EXHIBITIONS

Dora Budor, Jana Euler, Jasper Marsalis, Simon Dybbroe Møller, Nina Porter, Margaret Raspé, Davide Stucchi.

I Ciclopi (Eye, Camera, Myth)

2 April – 28 June 2026

Curated by Saim Demircan

In a short text titled ‘Art Through the Camera’s Eye’ (c.1971), Robert Smithson imagined the camera store as a setting for a horror film based on the Ancient Greek myth of the Cyclops, in which the “camera’s eye alludes to many abysses.” One of the first digital cameras, developed in California in 1975 by Cromemco, was named Cyclops, creating another connection between the singular eye and the camera’s lens. Taking up this analogy, I Ciclopi (Eye, Camera, Myth) brings together artworks that demonstrate forms of cyclopic vision by alluding to, repurposing, or modifying camera technologies, to consider how we see images through a one-eyed point of view.

Dora Budor (b. Zagreb, Croatia) is a New York-based artist and writer. Trained as an architect, Budor surveys the sites where the built environment and subjectivity work upon one another, honing in on the dissolution of life as a shared and consistent social form. Working with a wide range of media—including video, sculpture, installation, and sound—Budor’s exhibitions are developed in response to spatial and psychosocial conditions.

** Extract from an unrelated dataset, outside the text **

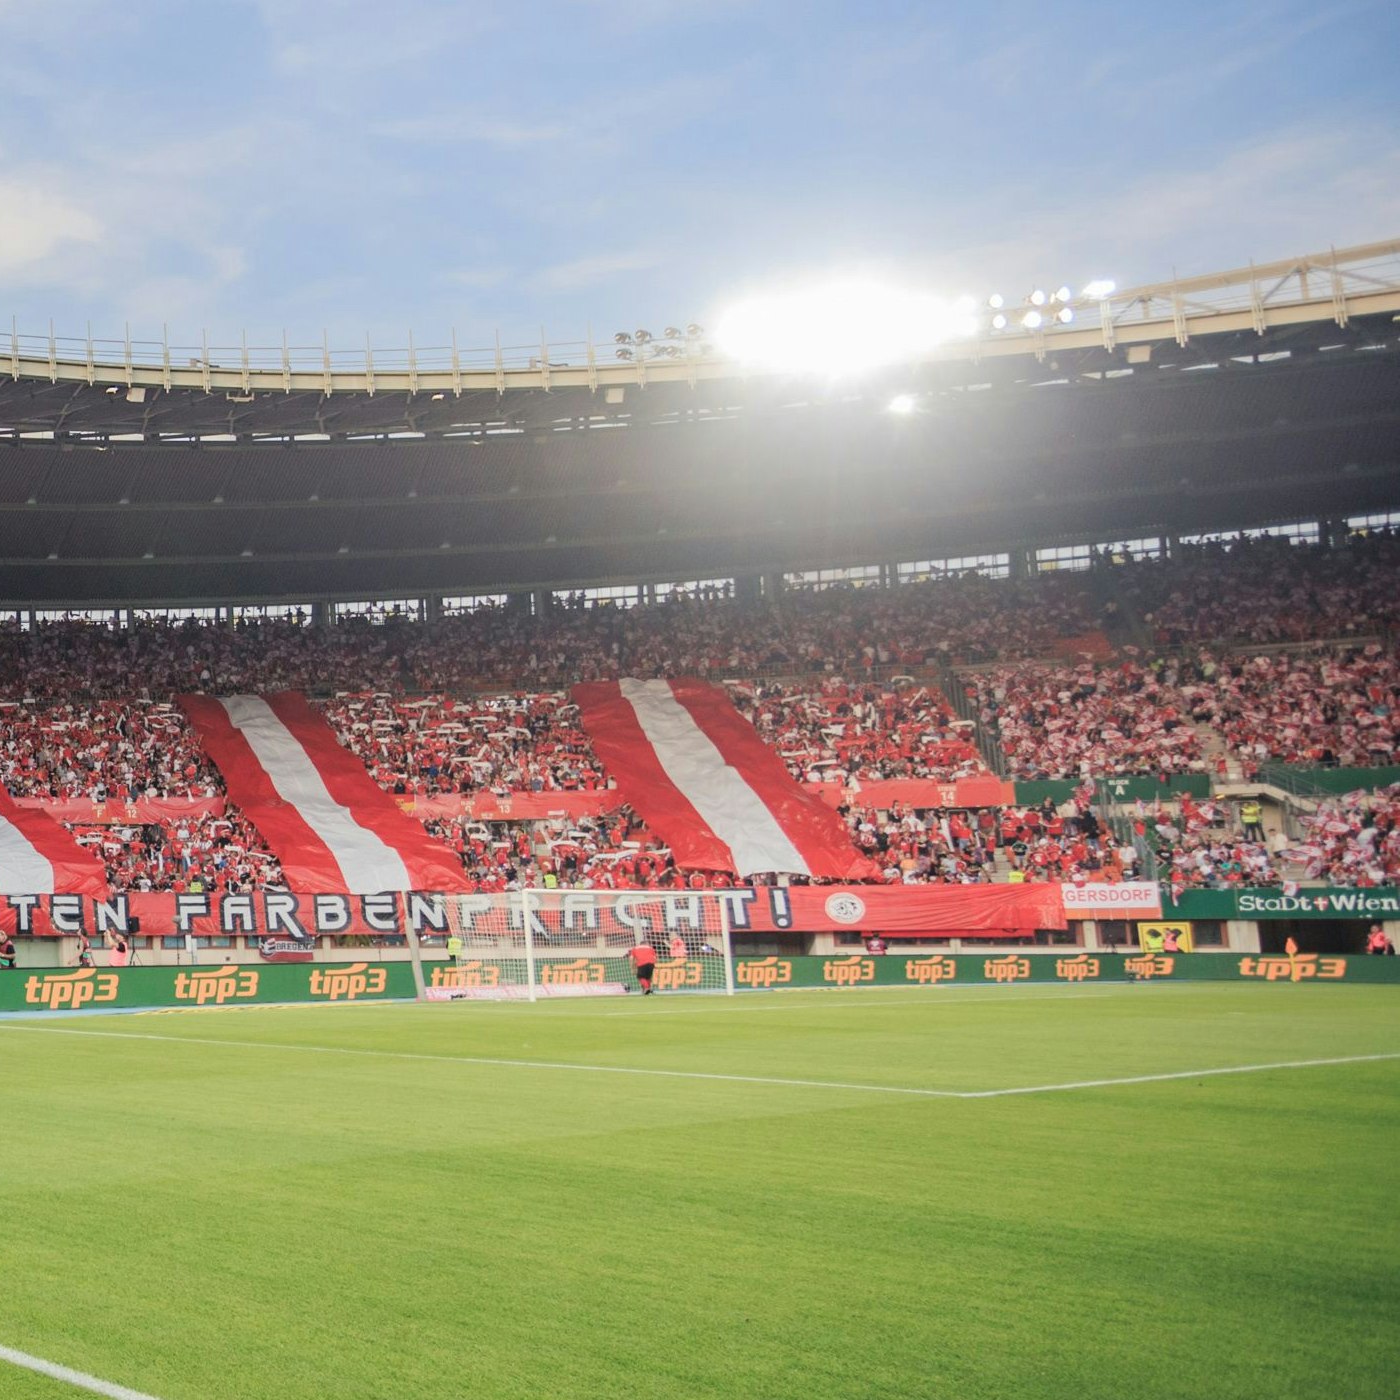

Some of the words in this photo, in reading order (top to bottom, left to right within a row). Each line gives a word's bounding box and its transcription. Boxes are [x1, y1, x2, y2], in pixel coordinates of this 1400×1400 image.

Budor’s work has been featured in major international exhibitions, most recently the Whitney Biennial (2024), the 15th Gwangju Biennale (2024), and the 59th Venice Biennale (2022). Her upcoming and recent solo institutional exhibitions include Bonner Kunstverein (2026), Neue Berliner Kunstverein / n.b.k. (2026), Nottingham Contemporary (2024), Kunsthaus Bregenz (2022), and Kunsthalle Basel (2019). She is currently a professor at the Städelschule in Frankfurt.

An installation view of Dora Budor's Autophones at the Venice Biennale. Four low gray plinths, each holding a different wood and metal sculptural component, are spread across a dimly lit, industrial brick hall. To the right, a tall teal metal structure and a translucent pink curtain stand in the background.
Dora Budor, Autophones, 2022 Installation view, 59th Venice Biennale, Venice, Italy, 2022 Photography: Filippo Rossi

Jana Euler (b. 1982, Friedberg, Germany) lives and works in Frankfurt and Brussels.Since the mid-2000s, Euler has produced a heterogeneous body of work diagnosing painting's social, material, and historical bases. Known for her exacting technique and a cast of characters both real and imagined — from Leonardo to Duchamp, Ed Sheeran to Whitney Houston — she bloats, vaporizes, or perverts her sources to render the familiar inscrutable. Euler manipulates the conventions of figuration to find new outlets for painterly realism.

Selected solo exhibitions of Euler: the Leopold-Hoesch-Museum, Düren (2024–25); WIELS, Brussels (2024); Artists Space, New York (2020); Stedelijk Museum, Amsterdam (2017); Portikus, Frankfurt (2015), and Kunsthalle Zürich and Bonner Kunstverein (2014–15). Significant group shows include the 59th Venice Biennale, The Milk of Dreams (2022); Museum Brandhorst (2023); The Museum of Modern Art (MoMA), New York (2023); Kunstmuseum Basel (2022); Fondazione Prada, Milan (2021); KW Institute for Contemporary Art, Berlin (2021); Manifesta 13, Marseille, France (2020); Museum für Moderne Kunst, Frankfurt (2019); Tai Kwun, Hong Kong (2019); mumok, Vienna (2018); ICA Miami (2017–18); Musée d’art moderne et contemporain, Geneva (2017); and the Whitney Museum of American Art, New York (2013).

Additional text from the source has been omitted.